(ASSIGNMENT) A faithful copy of each record is required, minus the images.

[Image-backed grounding data]
· · ·
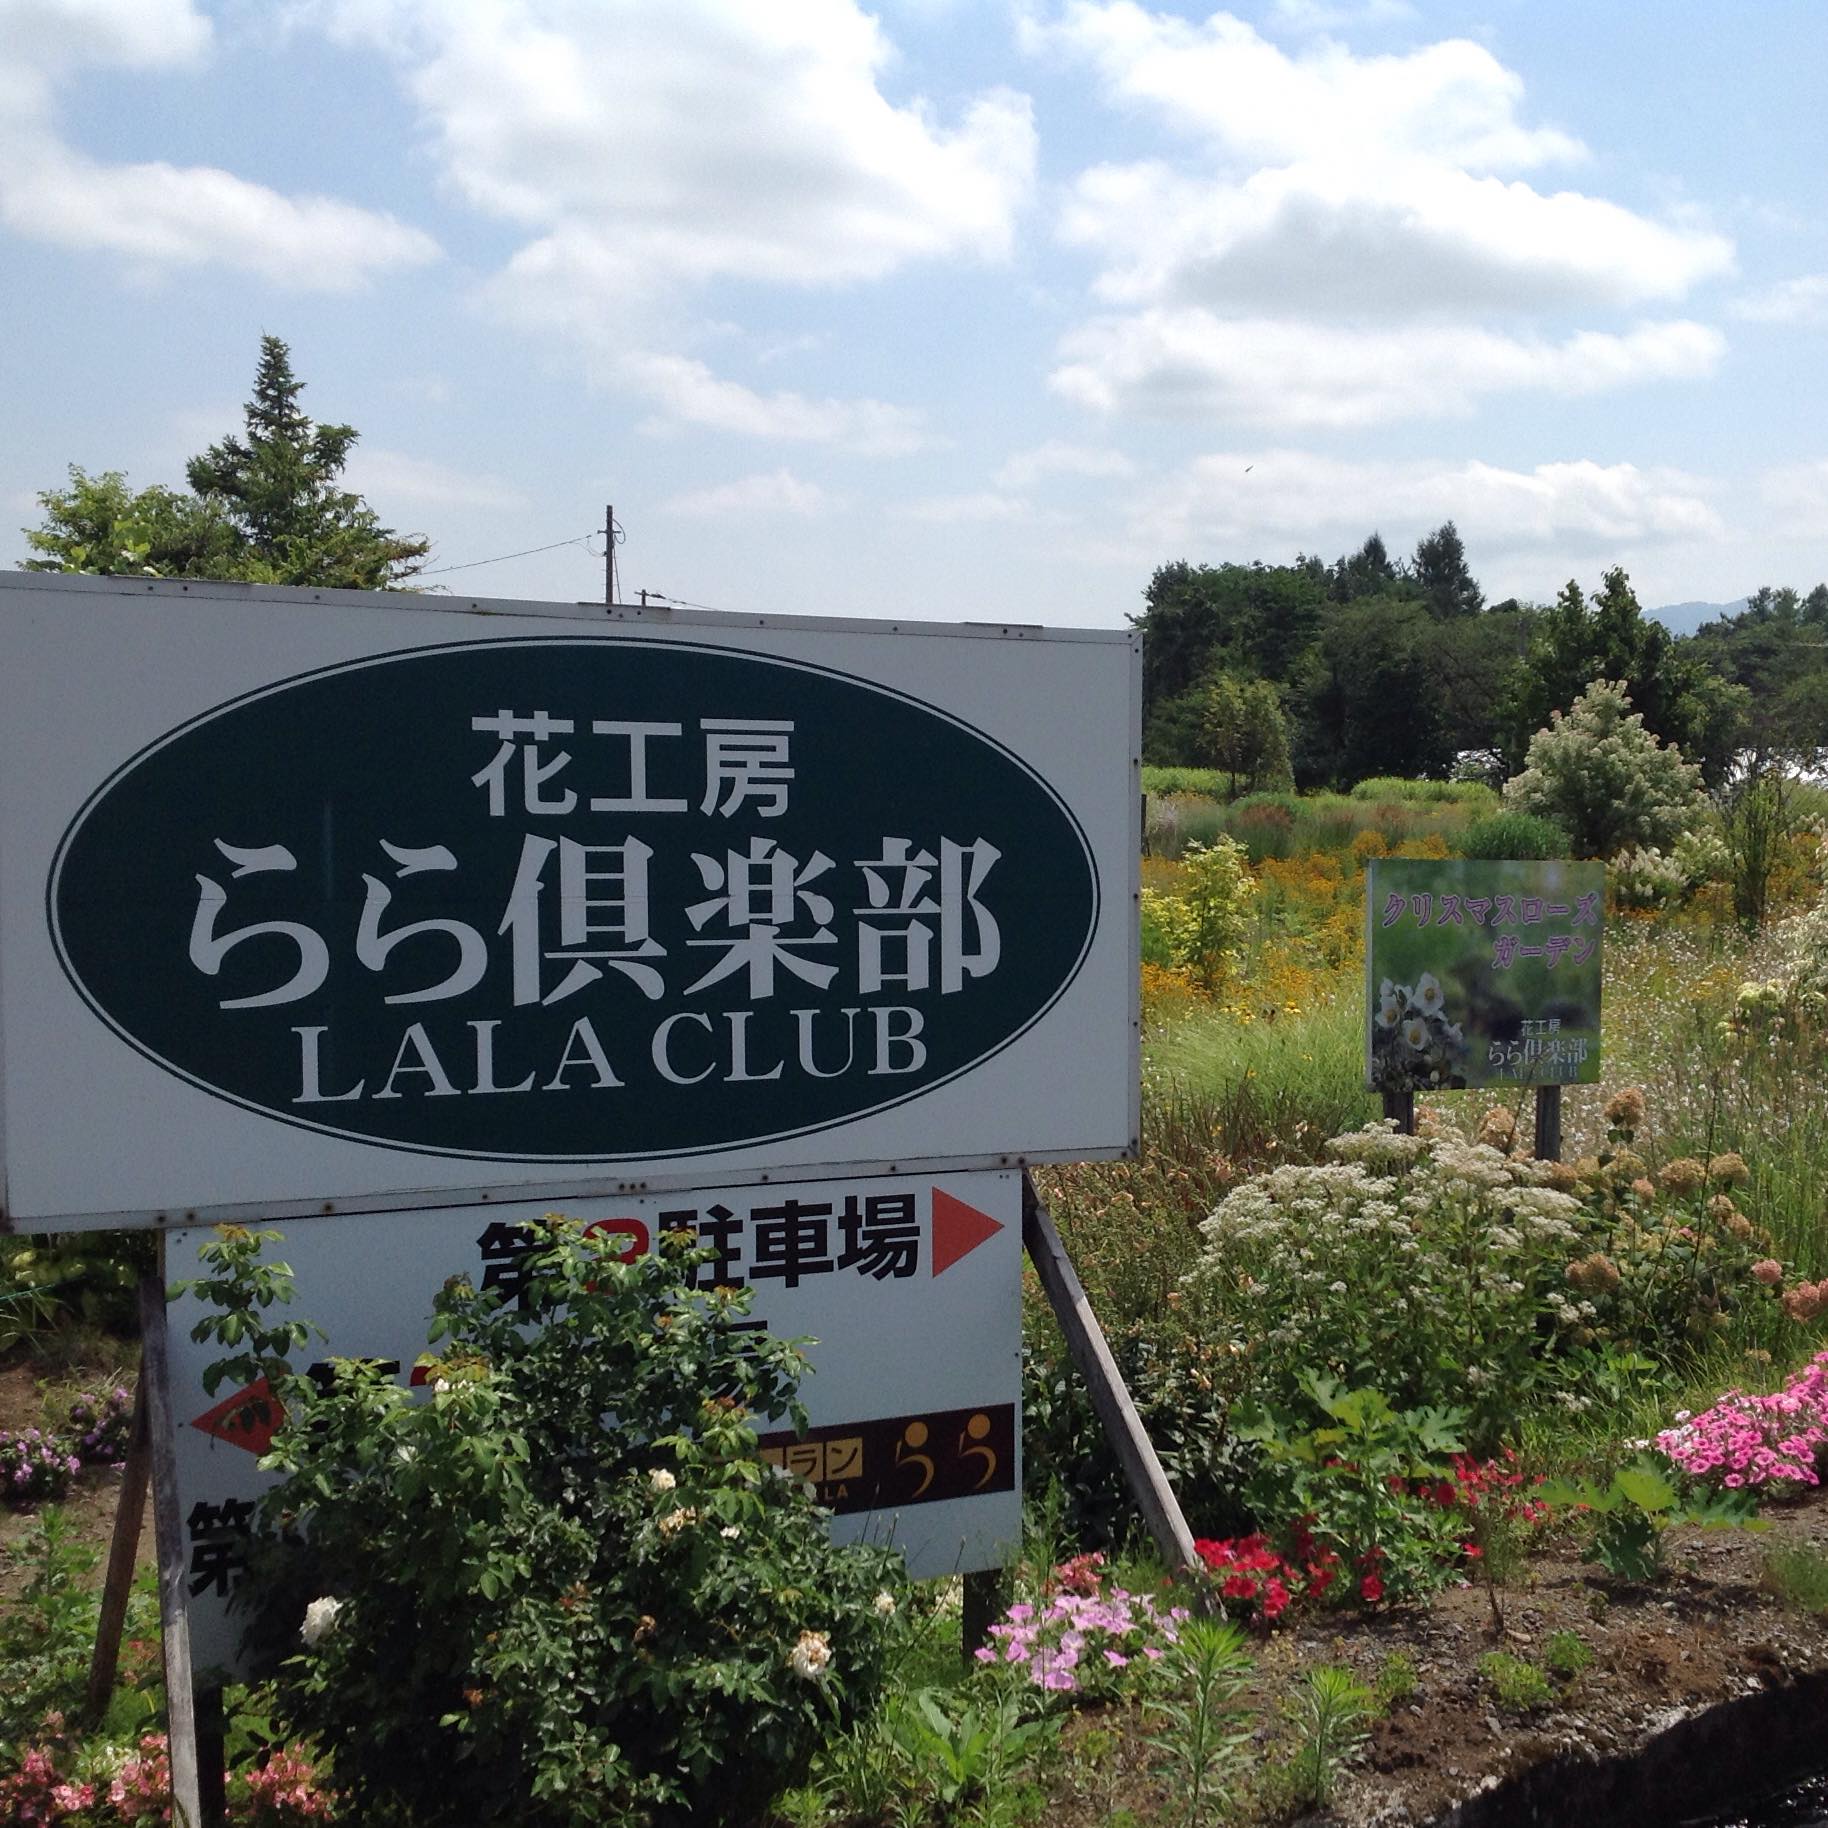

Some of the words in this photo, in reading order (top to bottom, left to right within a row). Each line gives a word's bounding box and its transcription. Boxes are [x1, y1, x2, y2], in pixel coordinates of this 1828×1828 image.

[471, 709, 796, 817] 花工房
[189, 833, 1002, 1010] らら倶楽部
[1382, 892, 1599, 928] クリスマスローズ
[1492, 934, 1596, 969] ガーデン
[291, 1019, 625, 1103] LALA
[651, 1007, 928, 1087] CLUB
[1520, 1018, 1561, 1037] 花工房
· · ·
(ANSWER FOR THE TASK)
Some of the words in this photo, in reading order (top to bottom, left to right within a row). Each line gives a word's bounding box and its transcription. Boxes are [x1, y1, x2, y2], in pixel coordinates of this 1828×1828 image.

[471, 709, 796, 817] 花工房
[189, 833, 1002, 1010] らら倶楽部
[1382, 892, 1599, 928] クリスマスローズ
[1492, 934, 1596, 969] ガーデン
[291, 1019, 625, 1103] LALA
[651, 1007, 928, 1087] CLUB
[1520, 1018, 1561, 1037] 花工房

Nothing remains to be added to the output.